Highlighting with fvh and fuzziness taking long time in Elasticsearch


(Nikesh) #1

Hi all,
I have indexed a single document with more than 150 metadata, each with mapping:

           "ACTIVE": {
                                "type": "text",
                                "term_vector": "with_positions_offsets",
                                "fields": {
                                    "autocomplete_analyzed": {
                                        "type": "text",
                                        "analyzer": "autocomplete"
                                    },
                                    "keyword": {
                                        "type": "keyword",
                                        "ignore_above": 256
                                    }
                                }
                            }

and with setting,:

    "analysis": {
                    "analyzer": {
                        "autocomplete": {
                            "filter": [
                                "lowercase"
                            ],
                            "tokenizer": "autocomplete"
                        }
                    },
                    "tokenizer": {
                        "autocomplete": {
                            "min_gram": "3",
                            "tokenize_on_chars": [
                                "whitespace",
                                "letter",
                                "digit"
                            ],
                            "type": "edge_ngram",
                            "max_gram": "7"
                        }
                    }
                }

I have used terms _vector to be able to use fast vector highlighting in my query.
My query:

{
  "from": 0,
  "size": 24,
  "query": {
    "bool": {
      
      "should": [
        {
          "multi_match": {
            "query": "current",
            "type": "best_fields",
            "fields": []
          }
        },
        {
          "query_string": {
            "query": "*current*",
            "fields": []
          }
        },
        {
          "multi_match": {
            "query": "current",
            "fuzziness": "1",
            "fields": []
          }
        }
      ],
      "minimum_should_match": 1
    }
  },
  "highlight": {
    "type": "fvh",
    "fields": {
      "*": {}
    }
  }
}

My query demands fuzziness, wildcard and phrase matching.
Fuzziness and wildcard is disabled or enabled depending on my requirement on back end. But on Free text search, I have to enable both of it including highlighting.
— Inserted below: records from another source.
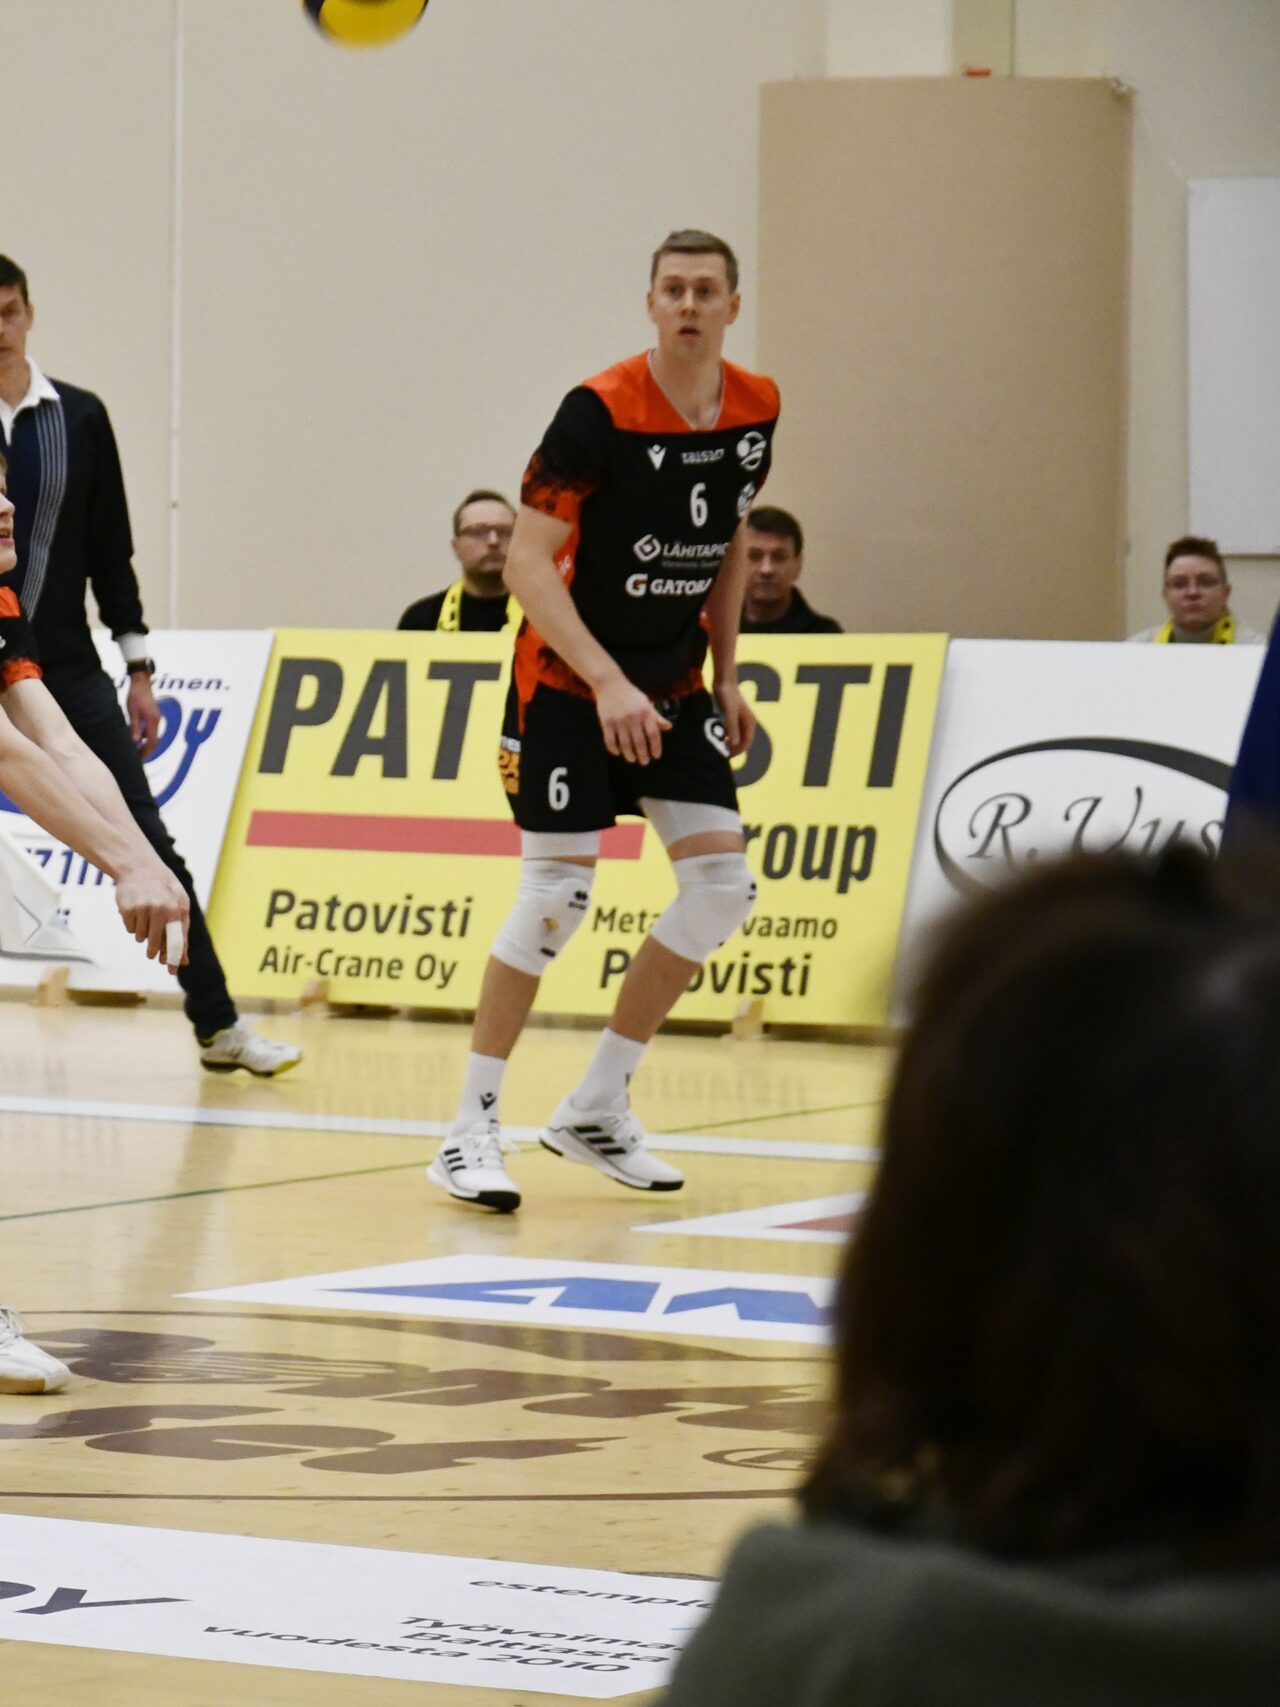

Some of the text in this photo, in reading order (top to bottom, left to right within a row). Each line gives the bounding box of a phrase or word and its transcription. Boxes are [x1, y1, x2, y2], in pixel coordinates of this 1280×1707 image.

[690, 482, 708, 527] 6
[548, 766, 570, 811] 6
[265, 889, 473, 938] Patovisti
[259, 946, 457, 989] Air-Crane Oy
[203, 1626, 631, 1672] vuodesta 2010
[401, 1616, 686, 1651] Työvoima
[401, 1632, 671, 1662] Baltiasta
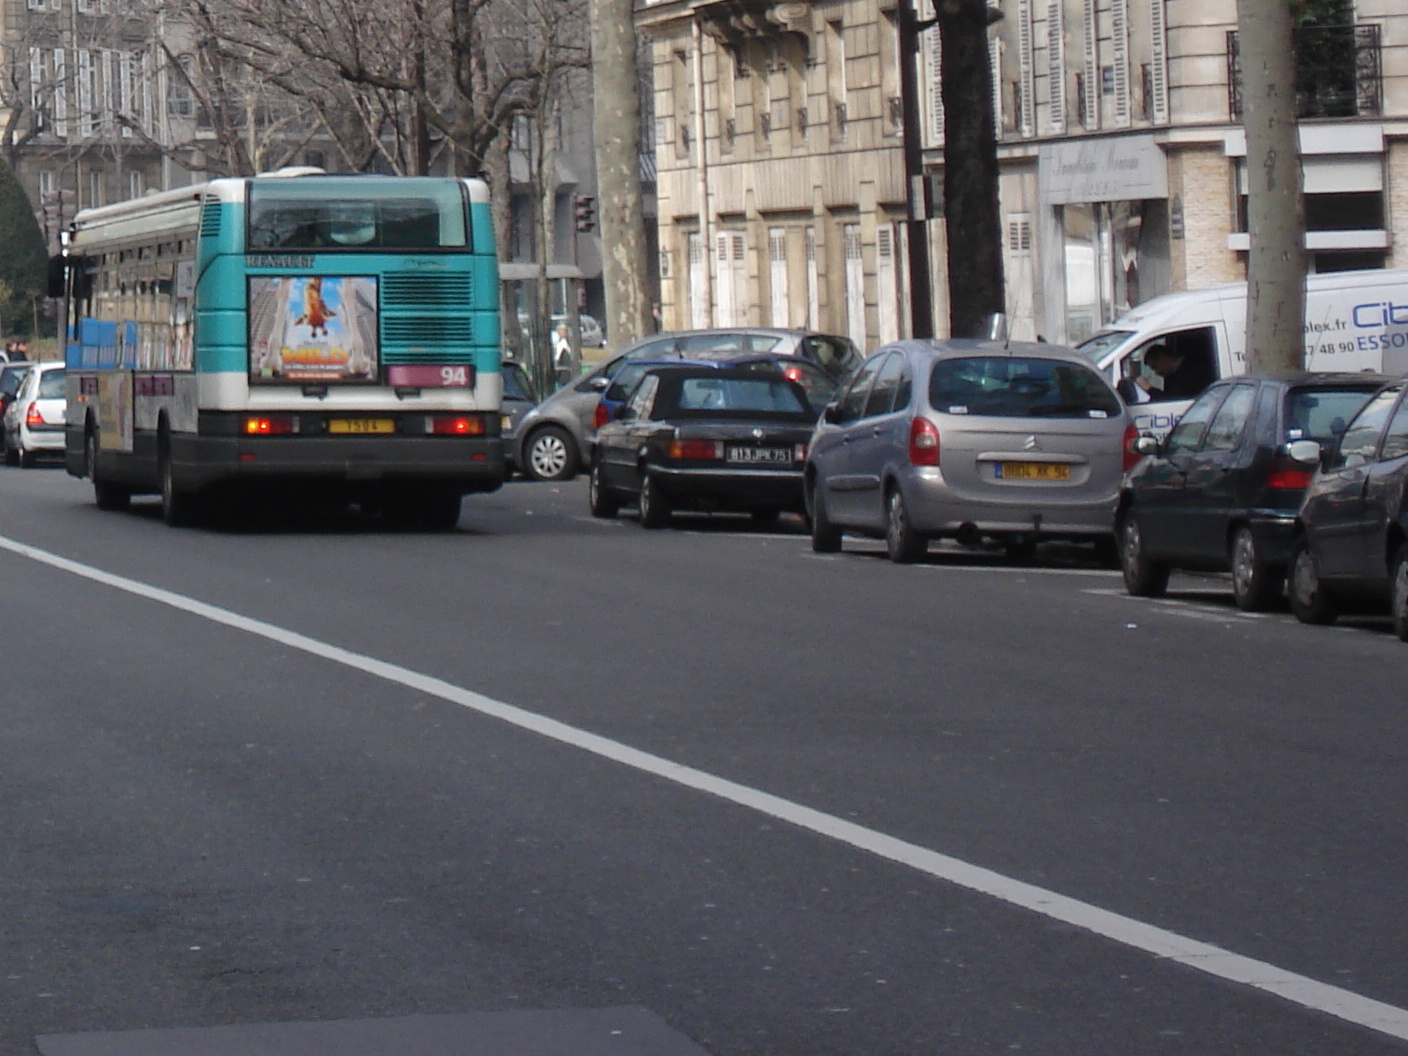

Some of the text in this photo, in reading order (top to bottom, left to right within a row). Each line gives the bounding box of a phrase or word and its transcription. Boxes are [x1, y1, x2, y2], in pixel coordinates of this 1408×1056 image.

[246, 254, 315, 267] RENAULT
[1319, 342, 1335, 355] 48
[1339, 341, 1355, 353] 90
[1355, 331, 1408, 351] ESSO
[281, 347, 349, 365] WILD
[440, 367, 468, 385] 94
  1. With Highlighting, my query takes more than 15000 ms but without highlighting it takes 800ms
  2. Without fuzziness and with highlighting it takes around 1200ms and without fuzziness and highlighting it takes around 500ms.
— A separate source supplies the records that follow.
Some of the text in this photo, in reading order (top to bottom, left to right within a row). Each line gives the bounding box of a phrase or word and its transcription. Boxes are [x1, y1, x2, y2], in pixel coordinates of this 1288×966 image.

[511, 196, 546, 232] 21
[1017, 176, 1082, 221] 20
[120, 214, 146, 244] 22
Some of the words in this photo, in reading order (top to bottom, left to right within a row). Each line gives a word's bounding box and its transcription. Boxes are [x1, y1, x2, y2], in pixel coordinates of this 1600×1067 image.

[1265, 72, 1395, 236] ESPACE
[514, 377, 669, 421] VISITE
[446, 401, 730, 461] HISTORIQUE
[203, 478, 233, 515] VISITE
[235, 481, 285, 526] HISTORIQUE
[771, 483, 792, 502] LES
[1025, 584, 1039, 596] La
The slowness in the query is due to fuzziness and highlighting working together.
How Highlighting with terms vector index the document? why is the query running so slowly? Is it due to my query or is it due to indexing data? Because, I will be working on millions of documents.
What's the best way to go about this time problem?


Multi-Fields search using Span Queries with fuzziness in Elasticsearch
Multi-Fields search using Span Queries with fuzziness in Elasticsearch
(Nikesh) #2

@Mark_Harwood Hi, This is the query I was referring to in the other post


(Nikesh) #3

@elastic


(system) #4

This topic was automatically closed 28 days after the last reply. New replies are no longer allowed.